On en trouve un exemple à la section 20. Quand une partie de cette révélation fut donnée à l'origine en 1830, les offices d'évêque, de membre du grand conseil et de grand prêtre n’existaient pas encore dans l'Église. Joseph Smith les a donc ajoutés à l'édition de 1835, comme l’expliquent les notes de bas de page dans les éditions de 1876 à 1920. La section 107 en est un autre exemple. L'étude textuelle approfondie révèle au moins cinq révélations séparées reçues entre novembre 1831 et le 28 mars 1835, la dernière date étant celle attribuée à la compilation.
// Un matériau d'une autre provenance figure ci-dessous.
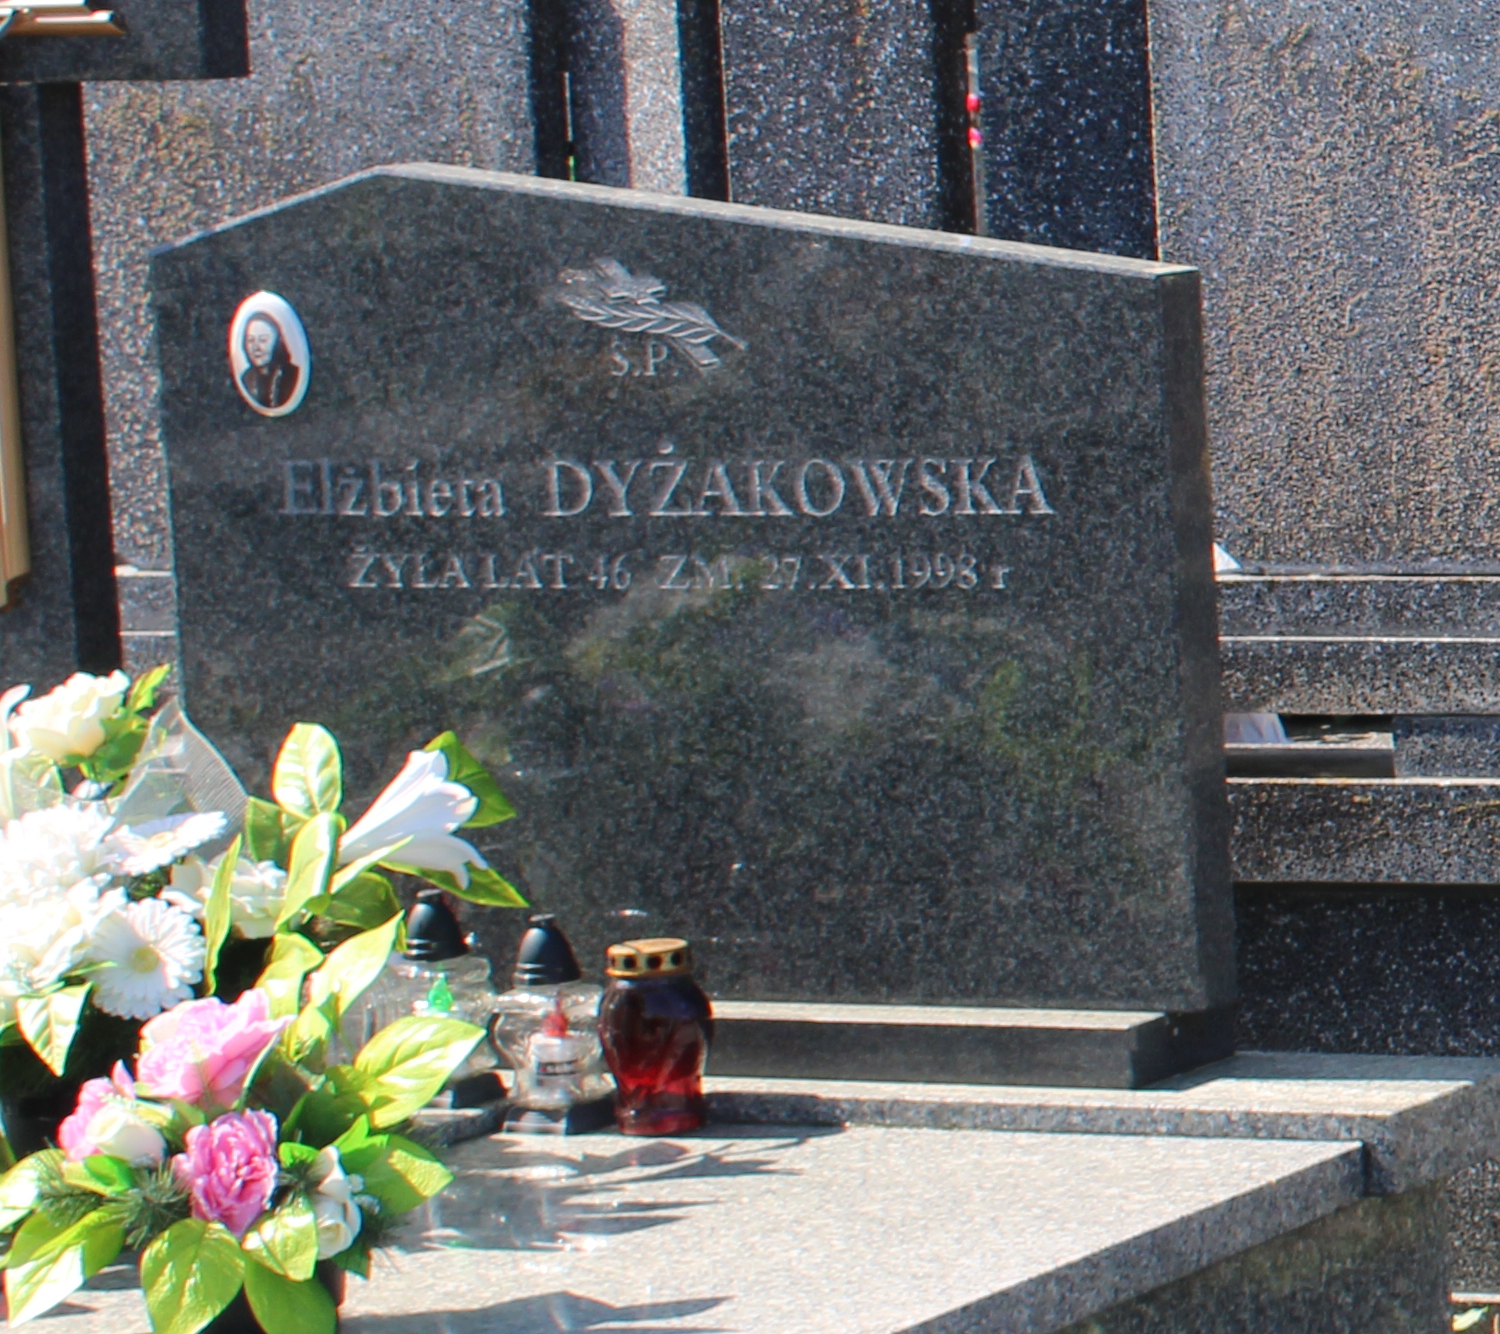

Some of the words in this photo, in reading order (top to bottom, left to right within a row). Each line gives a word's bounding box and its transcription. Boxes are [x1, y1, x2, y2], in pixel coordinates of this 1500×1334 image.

LE LIVRE DES COMMANDEMENTS, 1833

Lors d’une conférence importante de l'Église en Ohio, commençant le 1er novembre 1831, un conseil de grands prêtres (sous la présidence de Joseph Smith) prit la décision de publier les révélations sous le titre Livre des Commandements et vota 10.000 exemplaires pour la première édition. (D&A 1 ; Far West Record, p. 15.) La volonté du Seigneur au sujet de la publication des révélations se manifesta quand Joseph Smith reçut la section 1, la « préface » du Seigneur au livre, pendant une suspension de la session. Alors Joseph Smith lança une discussion animée en demandant aux anciens quel témoignage ils étaient disposés à annexer aux commandements. Certains dirent qu'ils étaient disposés à témoigner que les révélations venaient de Dieu, mais d'autres critiquèrent le langage dans lequel les révélations étaient exprimées. (Far West Record, p. 16, History of the Church, 1:224.) De la discussion sortit une révélation, maintenant la section 67, dans laquelle le Seigneur lançait à n'importe laquelle des personnes présentes le défi d’écrire une révélation égale à la « moindre » de celles déjà données. (D&A 67 ; History of the Church, 1:225.) William E. McLellin, « ayant plus d’instruction que de bon sens », s’attaqua à l’entreprise durant la nuit et échoua. (History of the Church, 1:226.)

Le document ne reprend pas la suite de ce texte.